Die 16-jährige Kongolesin Felista wurde nach der Vergewaltigung durch einen Soldaten schwanger und hat vor zwei Monaten ihren Sohn Ajuwa geboren.

Kongo
Frauen werden in der Demokratischen Republik Kongo systematisch vergewaltigt. Die Justiz lässt sie im Stich, ohne Geld oder Unterstützung von Helfern passiert gar nichts. Die 16-jährige Félista ließ nicht locker, brachte ihren Vergewaltiger vor Gericht.

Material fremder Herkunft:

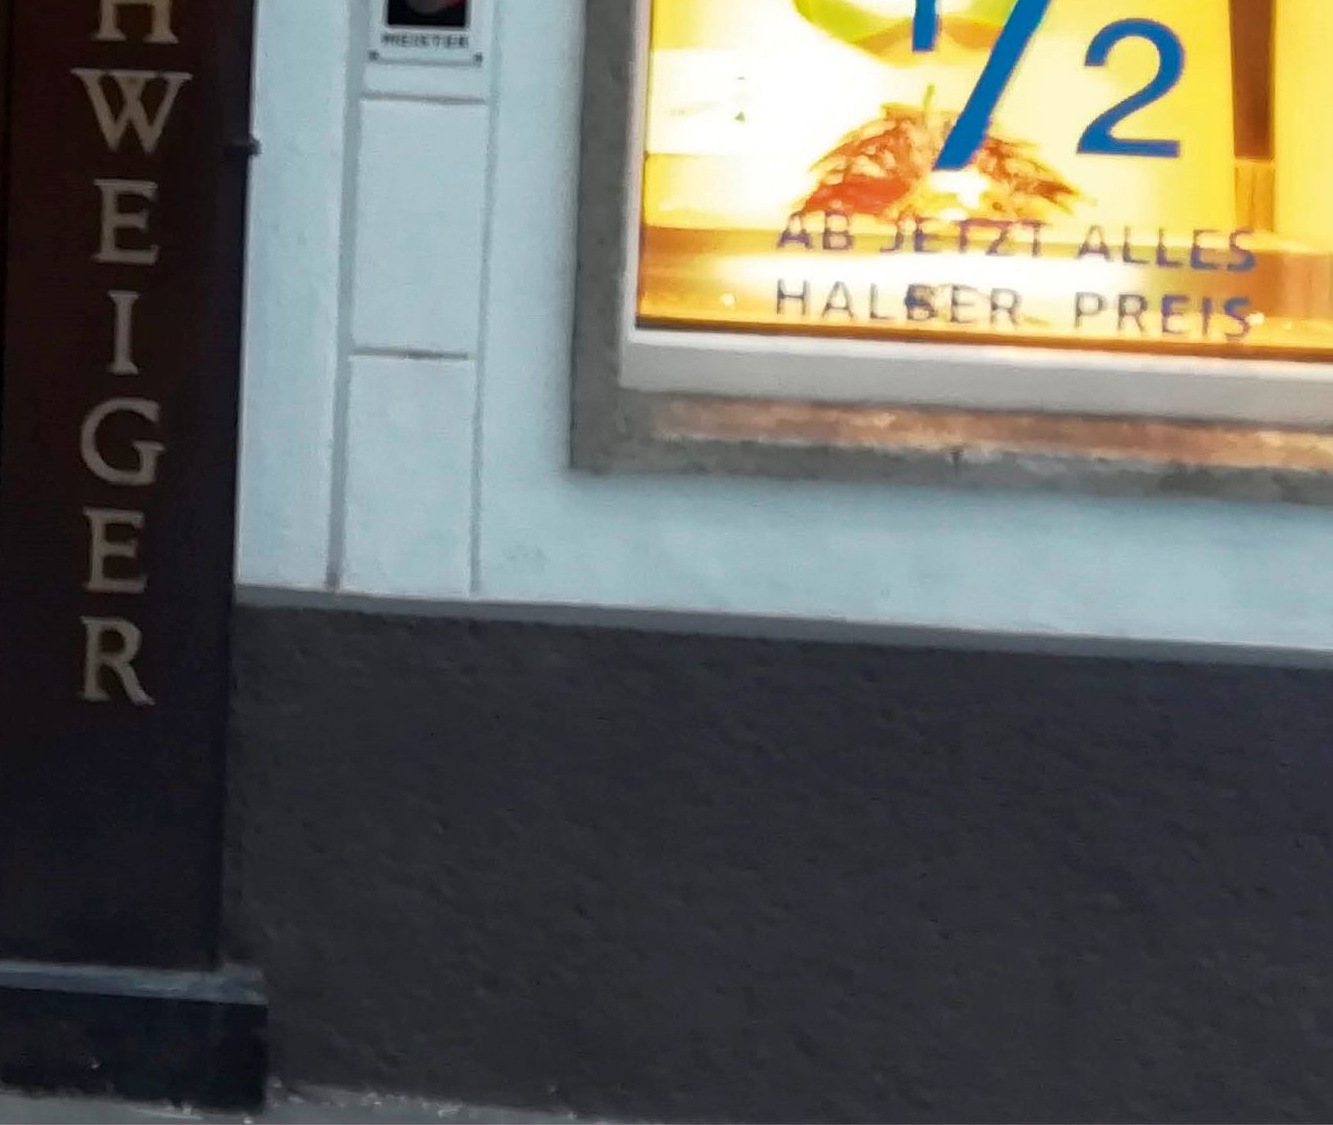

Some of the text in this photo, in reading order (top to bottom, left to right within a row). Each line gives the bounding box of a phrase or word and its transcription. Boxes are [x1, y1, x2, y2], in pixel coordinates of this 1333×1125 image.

In Félistas Blick schleicht sich immer noch leichte Überraschung, wenn sie auf den Säugling schaut, den sie im Arm hält. Dabei geht die junge kongolesische Mutter liebevoll mit ihrem Sohn Ajuwa um, der gerade etwas jammert und offensichtlich unzufrieden ist. Félista ist selbst noch ein halbes Kind, sie ist gerade 16 geworden, und nun schon seit zwei Monaten Mutter. "Ich war auf dem Rückweg von der Schule", sagt sie leise und mit einer hellen Stimme, die fast kindlich wirkt. Ihre Sätze sind kurz, nach jedem macht sie eine Pause. Als müsse sie Mut schöpfen für den nächsten.

Auf dem Rückweg von der Schule vergewaltigt

Dabei guckt sie immer wieder zu Juliette Mapendo, die zur katholischen Kommission für Gerechtigkeit und Frieden (CDJP) gehört. Deren Mitglieder kämpfen in der Demokratischen Republik Kongo für Menschenrechte, unterstützen Frauen wie Félista. "Mir kam ein Soldat entgegen." Pause. "Er hat mich zwischen die Bäume am Wegrand gezerrt. Er hat mir Gewalt angetan. Nachdem er fertig war, hat er gesagt, dass ich abhauen soll." Weinend suchte Félista ihre Kleidung zusammen und machte sich langsam auf den Heimweg, jeder Schritt schmerzte.

Sie lebt bei ihrer älteren Schwester in einem Dorf etwa 30 Kilometer von Bukavu entfernt, der Hauptstadt der Provinz Südkivu im Osten des Landes. Félista ist es sichtlich unangenehm, über ihre Geschichte zu sprechen, aber sie weiß auch, dass sie in diesem Rahmen offen reden kann. Außer Mapendo hört auch Nene Bintu Iraqi zu, die Anwältin ist ebenfalls Mitglied der CDJP und begleitet Opfer von Menschenrechtsverletzungen juristisch.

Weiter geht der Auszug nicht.